Presto went pretty far to solve this pain point, and in fact it was one of my early favorites in this space, as you can see from a post of mine way back in 2016. Presto is still doing well (Amazon Athena anyone?) and has great support (check out the cool things Starburst is doing with enterprise Presto). SparkSQL definitely has its place, and of course the proprietary solutions like Vertica, Aster and Greenplum are in use at alot of enterprises, but there are also some great offerings out there that are still not mainstream for some reason.

Back when I wrote that old Presto post, Mark had jumped in and left some comments and I’d been following his Taxi Ride Adventures ever since. I started off this research really wanting to test out a GPU database and settled on brytlytDB, but something is up with them and they’ve pulled their AMI from AWS. I went looking elsewhere for something interesting to evaluate and I decided to give ClickHouse a shot. Released in 2016 from the minds at Yandex (you should be familiar with them, but if not, think Google in Russia), ClickHouse is a columnar RDBMS implemented in C++ that offers distributed capabilities and has a syntax very close to ANSI SQL.

About ClickHouse

One of the areas that impressed me the most about ClickHouse was the numerous analytics related functions that are available right out to the box. These are just a few that I’m looking forward to playing with.

  • windowFunnel() – Searches for event chains in a sliding time window and calculates the maximum number of events that occurred from the chain.

  • retention() - The function takes as arguments a set of conditions from 1 to 32 arguments of type UInt8 that indicate whether a certain condition was met for the event. Any condition can be specified as an argument (as in WHERE).

  • sequenceCount() - Counts the number of event chains that matched the pattern. The function searches event chains that don’t overlap. It starts to search for the next chain after the current chain is matched.

  • Aggregate function combinations like resample() - Lets you divide data into groups, and then separately aggregates the data in those groups. Groups are created by splitting the values from one column into intervals.

  • groupArrayMovingAvg - Calculates the moving average of input values.

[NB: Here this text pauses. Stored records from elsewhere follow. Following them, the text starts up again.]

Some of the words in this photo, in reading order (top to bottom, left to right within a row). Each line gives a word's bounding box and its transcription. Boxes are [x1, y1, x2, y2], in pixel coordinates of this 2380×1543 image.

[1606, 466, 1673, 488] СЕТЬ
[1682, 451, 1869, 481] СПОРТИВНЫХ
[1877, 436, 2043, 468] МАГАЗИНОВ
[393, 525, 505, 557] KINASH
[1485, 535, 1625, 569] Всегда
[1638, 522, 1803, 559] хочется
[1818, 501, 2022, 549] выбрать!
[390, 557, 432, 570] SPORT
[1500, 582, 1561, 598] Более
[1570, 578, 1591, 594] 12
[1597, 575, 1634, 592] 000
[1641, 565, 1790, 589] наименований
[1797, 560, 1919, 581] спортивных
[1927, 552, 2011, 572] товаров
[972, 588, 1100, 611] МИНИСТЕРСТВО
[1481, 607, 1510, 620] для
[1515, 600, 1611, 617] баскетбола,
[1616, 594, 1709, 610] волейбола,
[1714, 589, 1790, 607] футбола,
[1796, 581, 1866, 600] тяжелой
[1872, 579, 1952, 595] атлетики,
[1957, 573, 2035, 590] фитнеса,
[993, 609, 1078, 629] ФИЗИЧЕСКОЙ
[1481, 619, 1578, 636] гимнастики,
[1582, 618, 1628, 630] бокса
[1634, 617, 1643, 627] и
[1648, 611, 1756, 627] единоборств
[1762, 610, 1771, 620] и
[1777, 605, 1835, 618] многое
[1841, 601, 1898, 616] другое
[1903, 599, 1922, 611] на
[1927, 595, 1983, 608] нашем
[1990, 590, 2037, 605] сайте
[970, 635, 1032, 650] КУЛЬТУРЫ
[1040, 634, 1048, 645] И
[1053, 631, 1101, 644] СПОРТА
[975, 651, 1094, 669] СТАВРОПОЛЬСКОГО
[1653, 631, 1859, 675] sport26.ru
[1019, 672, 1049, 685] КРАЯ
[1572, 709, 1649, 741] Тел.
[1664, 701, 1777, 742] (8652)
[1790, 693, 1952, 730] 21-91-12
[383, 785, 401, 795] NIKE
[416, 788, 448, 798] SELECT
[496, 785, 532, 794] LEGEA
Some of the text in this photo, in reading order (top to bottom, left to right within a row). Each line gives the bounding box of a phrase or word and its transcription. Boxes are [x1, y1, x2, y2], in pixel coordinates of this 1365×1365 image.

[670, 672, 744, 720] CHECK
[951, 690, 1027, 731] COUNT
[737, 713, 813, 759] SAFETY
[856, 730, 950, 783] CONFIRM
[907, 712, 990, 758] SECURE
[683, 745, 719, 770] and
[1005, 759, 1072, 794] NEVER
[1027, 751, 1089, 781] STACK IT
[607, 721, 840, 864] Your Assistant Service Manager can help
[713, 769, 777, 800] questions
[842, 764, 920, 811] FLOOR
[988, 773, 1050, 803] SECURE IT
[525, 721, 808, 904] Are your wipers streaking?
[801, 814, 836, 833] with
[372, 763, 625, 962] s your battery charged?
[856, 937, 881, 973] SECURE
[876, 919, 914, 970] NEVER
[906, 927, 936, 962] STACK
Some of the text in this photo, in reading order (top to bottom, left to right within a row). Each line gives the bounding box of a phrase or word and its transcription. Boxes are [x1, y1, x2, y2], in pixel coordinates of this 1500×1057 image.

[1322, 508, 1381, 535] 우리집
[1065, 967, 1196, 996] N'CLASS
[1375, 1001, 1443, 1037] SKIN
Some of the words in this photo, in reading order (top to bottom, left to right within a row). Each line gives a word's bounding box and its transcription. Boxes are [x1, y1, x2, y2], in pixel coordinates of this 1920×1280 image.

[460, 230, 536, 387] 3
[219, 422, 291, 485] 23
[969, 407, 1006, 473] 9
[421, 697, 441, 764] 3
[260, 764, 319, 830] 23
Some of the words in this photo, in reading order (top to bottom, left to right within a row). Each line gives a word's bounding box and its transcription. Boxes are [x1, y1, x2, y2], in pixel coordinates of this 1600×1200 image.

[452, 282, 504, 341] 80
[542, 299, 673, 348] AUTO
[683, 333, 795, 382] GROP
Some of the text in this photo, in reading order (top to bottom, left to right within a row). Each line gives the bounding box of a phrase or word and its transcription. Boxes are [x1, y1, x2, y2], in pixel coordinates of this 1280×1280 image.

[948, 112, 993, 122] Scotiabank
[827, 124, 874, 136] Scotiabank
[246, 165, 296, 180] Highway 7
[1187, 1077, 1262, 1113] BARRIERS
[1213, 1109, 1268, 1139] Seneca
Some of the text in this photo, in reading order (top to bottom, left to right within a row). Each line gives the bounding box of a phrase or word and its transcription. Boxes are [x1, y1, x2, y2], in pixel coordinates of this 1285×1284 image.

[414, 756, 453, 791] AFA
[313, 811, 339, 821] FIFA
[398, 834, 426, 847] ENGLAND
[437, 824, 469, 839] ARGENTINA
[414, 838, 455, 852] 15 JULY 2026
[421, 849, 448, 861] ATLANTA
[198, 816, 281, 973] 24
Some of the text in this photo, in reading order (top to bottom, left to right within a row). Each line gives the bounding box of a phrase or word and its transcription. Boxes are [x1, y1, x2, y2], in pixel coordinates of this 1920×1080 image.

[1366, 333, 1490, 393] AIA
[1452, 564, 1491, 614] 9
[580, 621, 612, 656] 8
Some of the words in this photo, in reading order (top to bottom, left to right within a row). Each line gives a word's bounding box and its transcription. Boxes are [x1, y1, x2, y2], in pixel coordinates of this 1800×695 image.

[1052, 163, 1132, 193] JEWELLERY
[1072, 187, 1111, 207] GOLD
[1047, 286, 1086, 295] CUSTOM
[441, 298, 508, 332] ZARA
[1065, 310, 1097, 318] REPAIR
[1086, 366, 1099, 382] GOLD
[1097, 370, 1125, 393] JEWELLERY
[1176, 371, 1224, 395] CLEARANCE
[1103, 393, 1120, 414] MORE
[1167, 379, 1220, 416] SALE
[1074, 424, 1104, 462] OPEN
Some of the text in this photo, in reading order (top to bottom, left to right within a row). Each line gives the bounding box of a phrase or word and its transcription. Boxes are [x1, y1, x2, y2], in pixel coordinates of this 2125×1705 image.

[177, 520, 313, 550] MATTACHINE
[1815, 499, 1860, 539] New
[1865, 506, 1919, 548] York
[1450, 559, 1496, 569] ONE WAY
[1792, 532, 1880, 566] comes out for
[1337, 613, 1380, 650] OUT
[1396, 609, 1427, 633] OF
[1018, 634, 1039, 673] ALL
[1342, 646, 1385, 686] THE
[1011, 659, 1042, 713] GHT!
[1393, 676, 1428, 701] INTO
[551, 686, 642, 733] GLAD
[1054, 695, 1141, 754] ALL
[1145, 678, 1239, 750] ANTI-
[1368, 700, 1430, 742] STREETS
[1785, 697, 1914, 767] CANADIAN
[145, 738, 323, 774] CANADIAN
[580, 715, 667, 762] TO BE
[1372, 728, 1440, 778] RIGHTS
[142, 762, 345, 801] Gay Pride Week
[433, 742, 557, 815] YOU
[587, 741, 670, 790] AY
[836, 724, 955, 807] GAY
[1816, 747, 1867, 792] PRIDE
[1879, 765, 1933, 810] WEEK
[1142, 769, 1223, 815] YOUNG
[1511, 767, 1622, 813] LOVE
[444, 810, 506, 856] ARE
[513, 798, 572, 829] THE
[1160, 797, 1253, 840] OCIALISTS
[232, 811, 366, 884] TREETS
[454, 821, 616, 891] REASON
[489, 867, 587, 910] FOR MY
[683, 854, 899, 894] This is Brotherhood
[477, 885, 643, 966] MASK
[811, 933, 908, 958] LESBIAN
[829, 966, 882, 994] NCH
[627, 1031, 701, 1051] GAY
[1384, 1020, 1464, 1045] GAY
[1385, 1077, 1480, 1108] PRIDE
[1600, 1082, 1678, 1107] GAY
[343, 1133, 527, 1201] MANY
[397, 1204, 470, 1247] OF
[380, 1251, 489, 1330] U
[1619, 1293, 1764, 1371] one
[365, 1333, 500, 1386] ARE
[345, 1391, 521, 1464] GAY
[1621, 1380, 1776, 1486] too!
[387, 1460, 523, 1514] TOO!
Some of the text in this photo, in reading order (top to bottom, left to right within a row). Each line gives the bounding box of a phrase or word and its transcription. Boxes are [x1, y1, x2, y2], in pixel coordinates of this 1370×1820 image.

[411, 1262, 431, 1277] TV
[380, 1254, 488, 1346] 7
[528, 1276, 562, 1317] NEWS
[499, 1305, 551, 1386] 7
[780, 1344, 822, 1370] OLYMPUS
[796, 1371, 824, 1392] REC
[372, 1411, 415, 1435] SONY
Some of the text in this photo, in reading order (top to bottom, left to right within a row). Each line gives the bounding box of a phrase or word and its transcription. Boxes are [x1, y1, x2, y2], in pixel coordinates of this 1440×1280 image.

There is even an implementation for stochastic Linear and Logistic regression with an option to use a variety of algorithms for updating weights (SGD of course, but also Adam, Nesterov and Momentum)! Not only is that just plain cool, but think of the overhead you can save not moving your data out of the database!

The analytics functions lead me to the next item.. I had been impressed with the work Mark and others had done to benchmark ClickHouse, but I wanted to focus a bit more on time series data rather than your traditional Taxi ride set many have used. I started looking for some large datasets and didn’t find what I wanted, so in a similar approach to the Sparkov project, I decided to generate my own.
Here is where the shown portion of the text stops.